The yamas and niyamas could easily be described as the yogic code of conduct. These 10 basic principles ultimately tell yogis what they should and should not do on the yogic path.
Translated as ethical restraints and ethical observances, the yamas and niyamas guide a yogi ethically and morally on their spiritual journey.
The yamas are five ethical restraints and the niyamas are five ethical observances that are laid out in Patanjali’s Yoga Sutras.
The Yoga Sutras is a sacred text in yogic philosophy that was compiled by the scholar Patanjali. The collection of 196 succinct aphorisms seeks to explain the teachings of the Classical School of Yoga.
In the Yoga Sutras of Patanjali, the Raja Yoga Marga, or the Royal Path of Yoga, is introduced. This path outlines the Ashtanga Yoga Path, or the eight-limbed path to enlightenment.
The yamas and niyamas are the first two limbs of the noble eight-fold path.
The Ashtanga Yoga Path is a hierarchical course. So in order to progress forward, a yogi must master the preceding steps.
The yamas and niyamas are the first two limbs of the noble eight-fold path. So they are often considered to be the most important aspects of the yogic journey because they must be mastered before one can move on to the next steps.

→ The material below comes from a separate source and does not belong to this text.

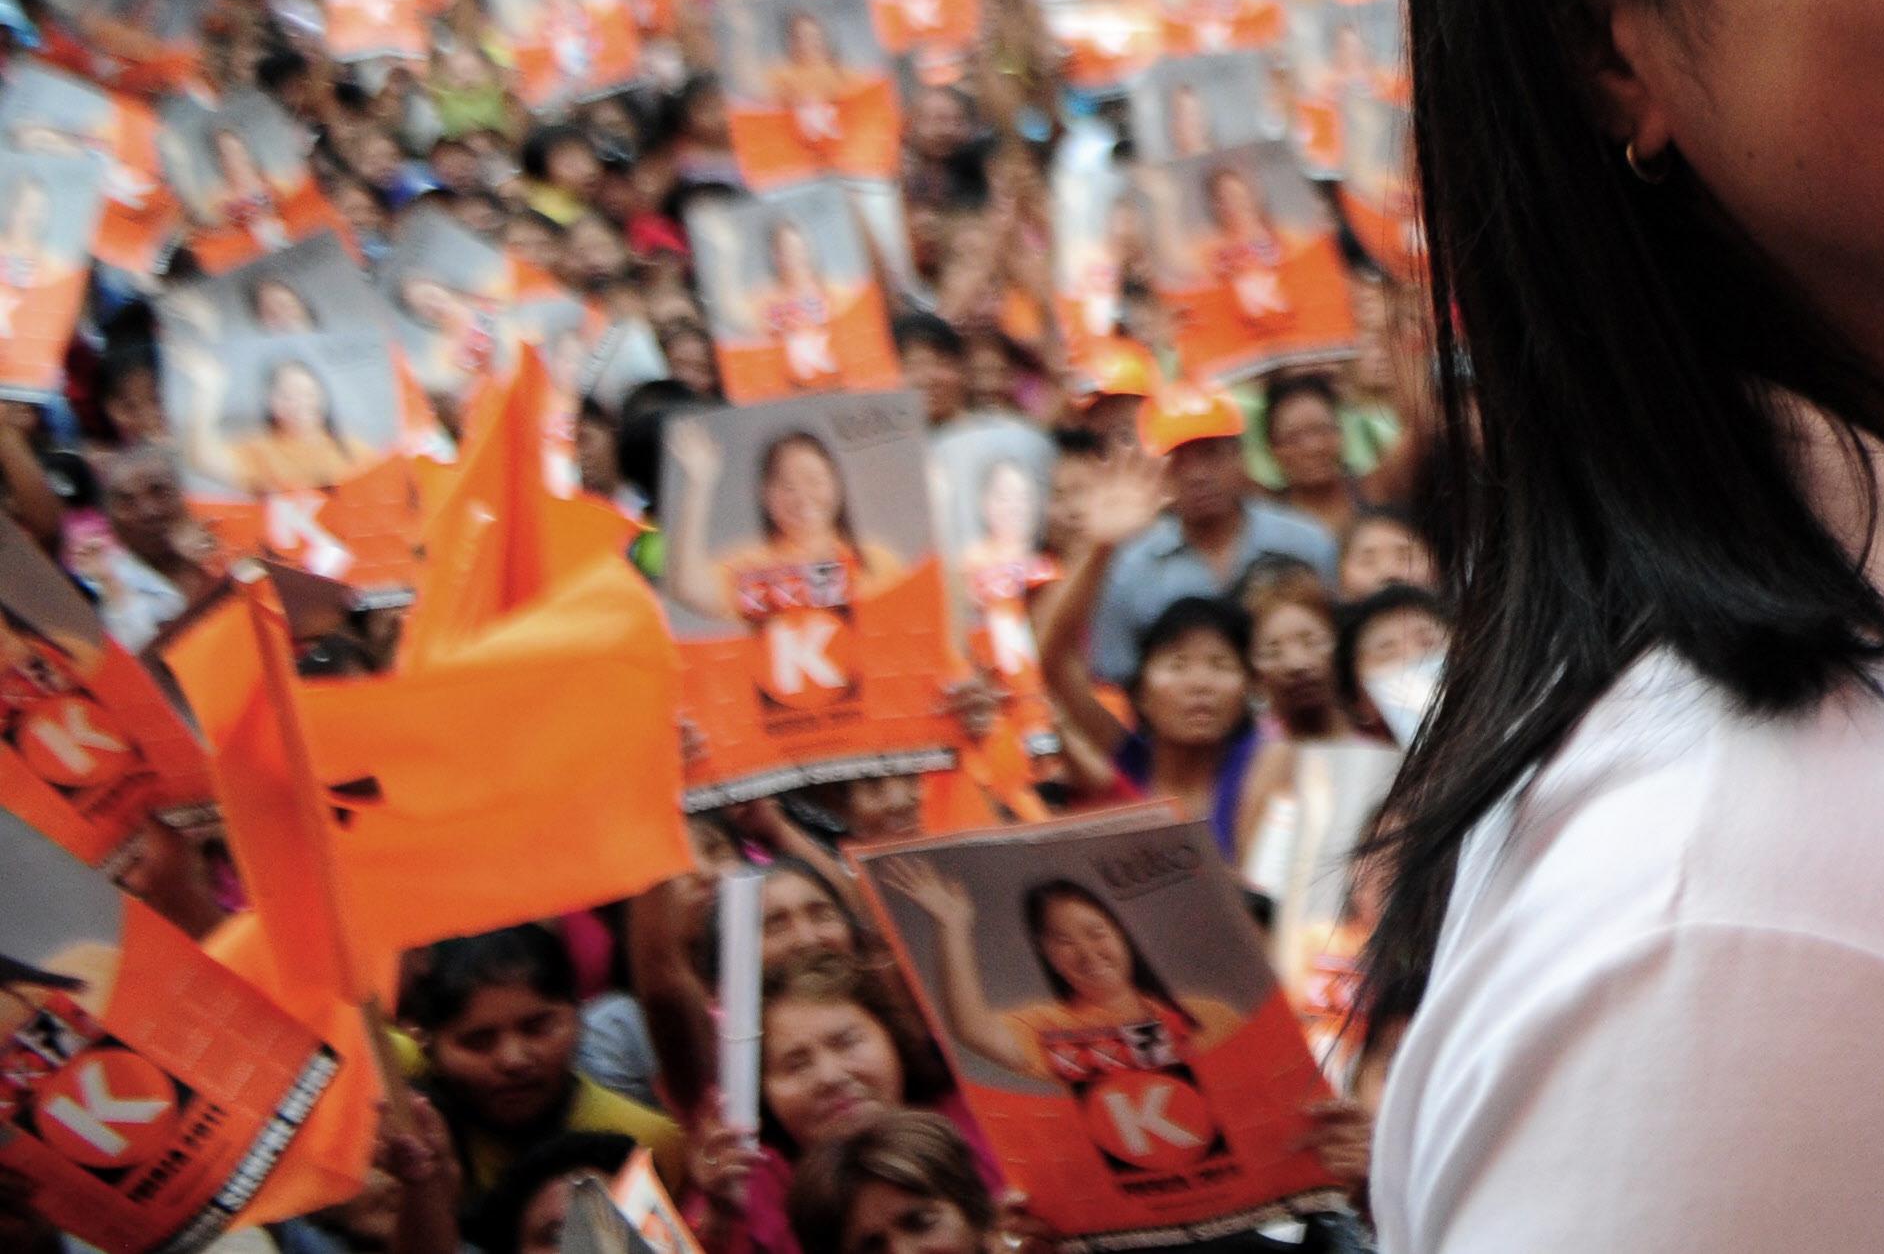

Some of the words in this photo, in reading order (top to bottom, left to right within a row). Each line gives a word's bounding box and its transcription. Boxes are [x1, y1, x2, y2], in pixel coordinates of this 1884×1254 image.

[768, 614, 850, 696] K
[28, 701, 133, 777] K
[44, 1058, 172, 1159] K
[1103, 1083, 1206, 1157] K

Both the yamas and niyamas are subcategorized into five separate restraints and observances.
The yamas are the ethical restraints laid out in the Yoga Sutras by Patanjali. There are five distinct yamas.

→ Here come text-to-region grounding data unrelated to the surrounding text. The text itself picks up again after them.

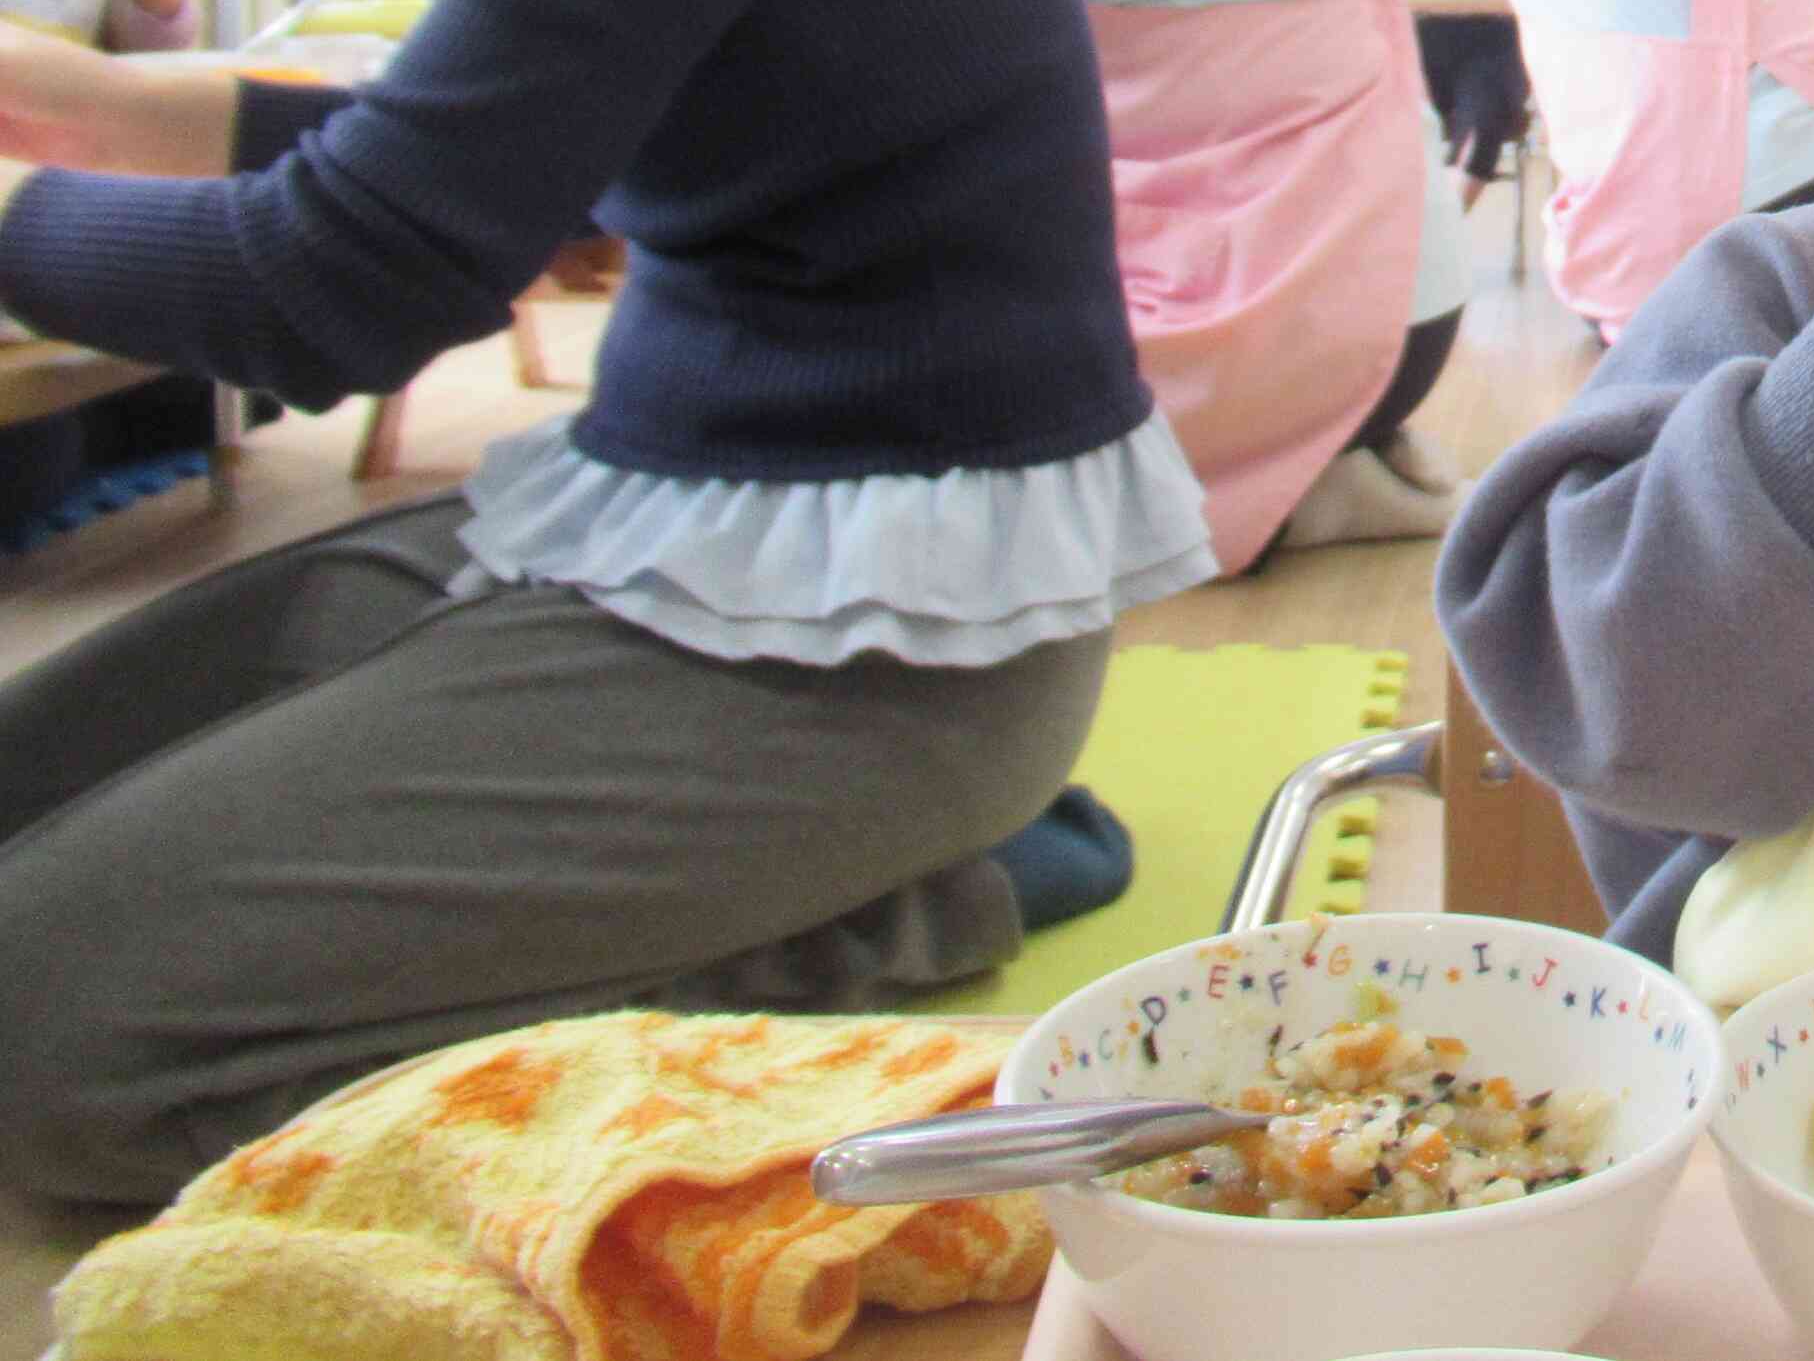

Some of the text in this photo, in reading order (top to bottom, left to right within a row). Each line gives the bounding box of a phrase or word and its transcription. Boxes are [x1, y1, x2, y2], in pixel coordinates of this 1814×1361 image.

[1207, 964, 1230, 999] E
[1268, 970, 1288, 1006] F
[1327, 943, 1352, 976] G
[1398, 958, 1430, 993] H
[1472, 942, 1492, 974] I
[1532, 957, 1559, 987] J
[1590, 987, 1607, 1017] K
[1766, 1025, 1788, 1065] X

This first yama is often considered to be the most important and the most essential on the yogic path. Ahimsa mean non-violence or non-harming, and it is the first thing that a yogi must refrain from when embarking on the yogic journey.

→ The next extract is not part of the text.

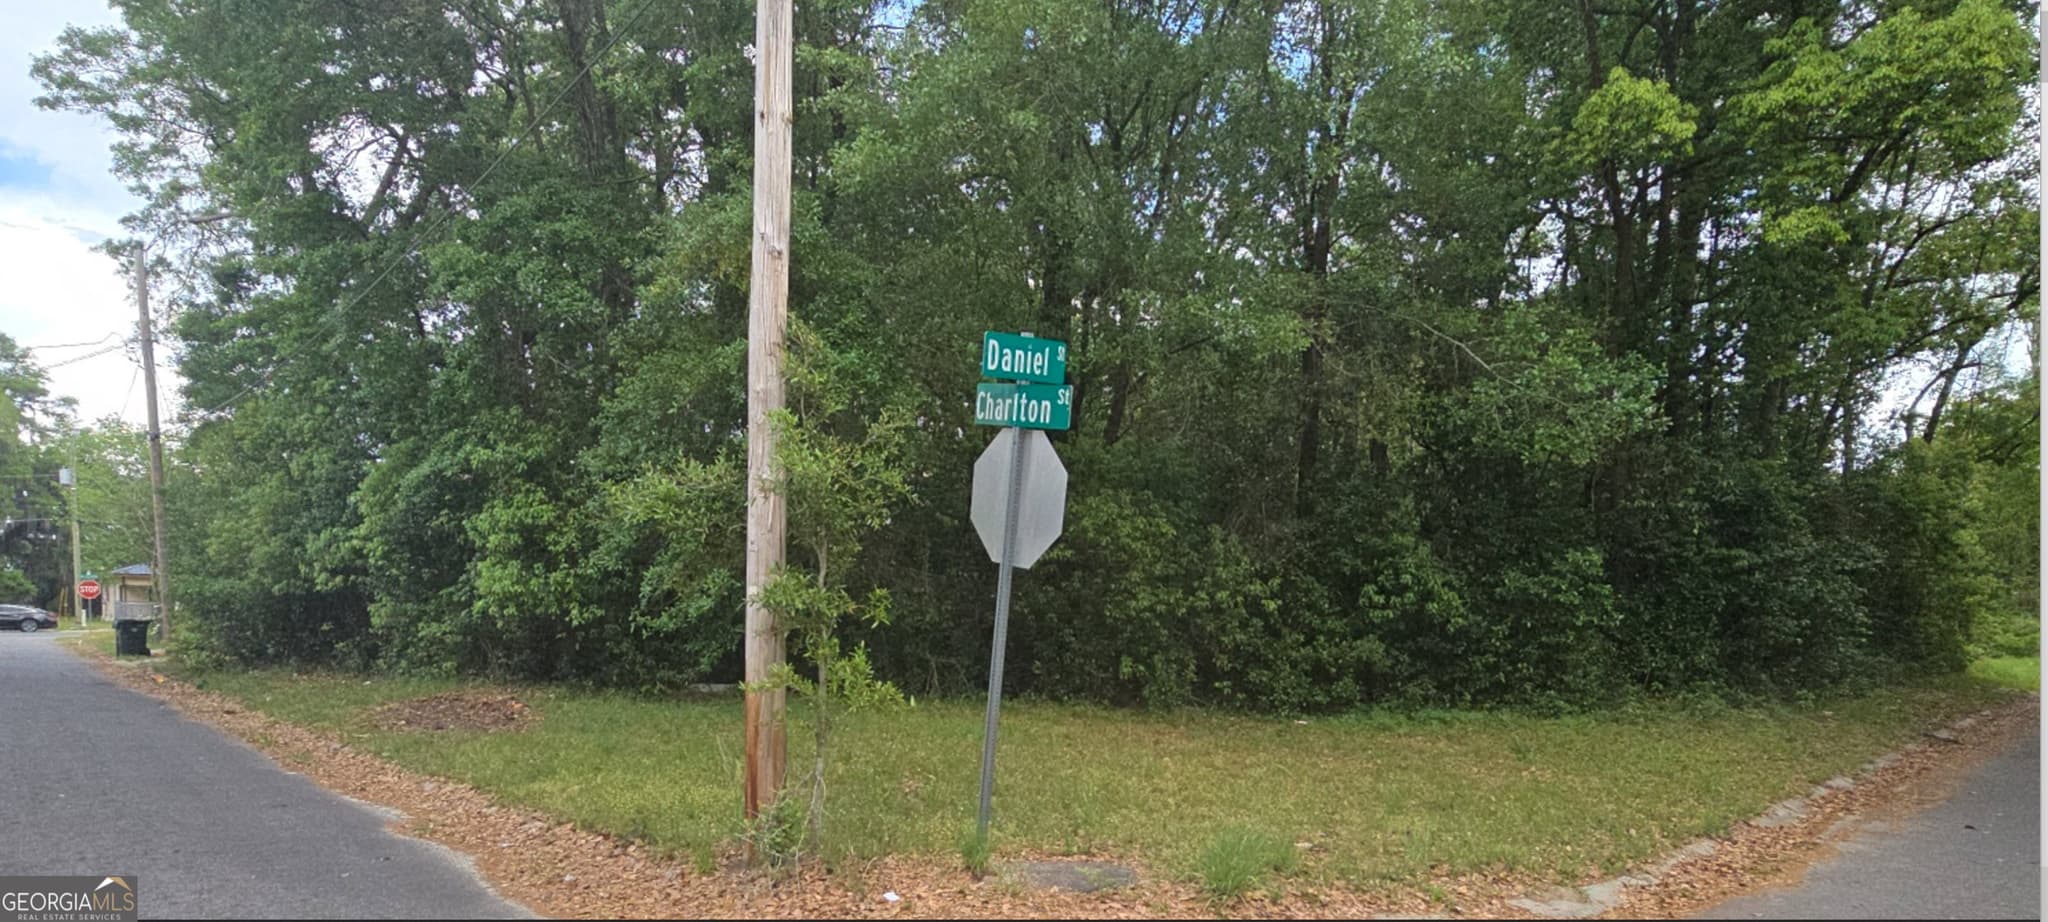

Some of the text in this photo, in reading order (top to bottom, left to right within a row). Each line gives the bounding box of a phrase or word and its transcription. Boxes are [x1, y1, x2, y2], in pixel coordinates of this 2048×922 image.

Most people in modern society are non-violent. But violence doesn’t necessarily mean committing homicide. Violence can arise in unexpected ways. We can be violent with our words, our thoughts, and our actions.
But we can practice ahimsa in many ways as well. We can spare the harmless spider in our bathroom or refrain from negative self-talk or choose our words carefully, particularly when we’re angry.
Violence doesn’t necessarily need to be grotesque to be considered immoral to a yogi. It can come up in much more subtle ways.
But when we consciously choose to reduce and eliminate violence and harming from our lives, we inevitably take a huge step forward in making the world a more caring and loving place.
Put ahimsa into practice with this Loving Kindness Metta Meditation
The next yama, satya, means non-falsehood or truthfulness. As yogis on the spiritual path, we must strive to be truthful, honest, and transparent.
Being truthful is not always convenient or easy, but deep down, we always know that it’s right. Removing falsity from our lives creates a refreshing atmosphere of transparency and clarity.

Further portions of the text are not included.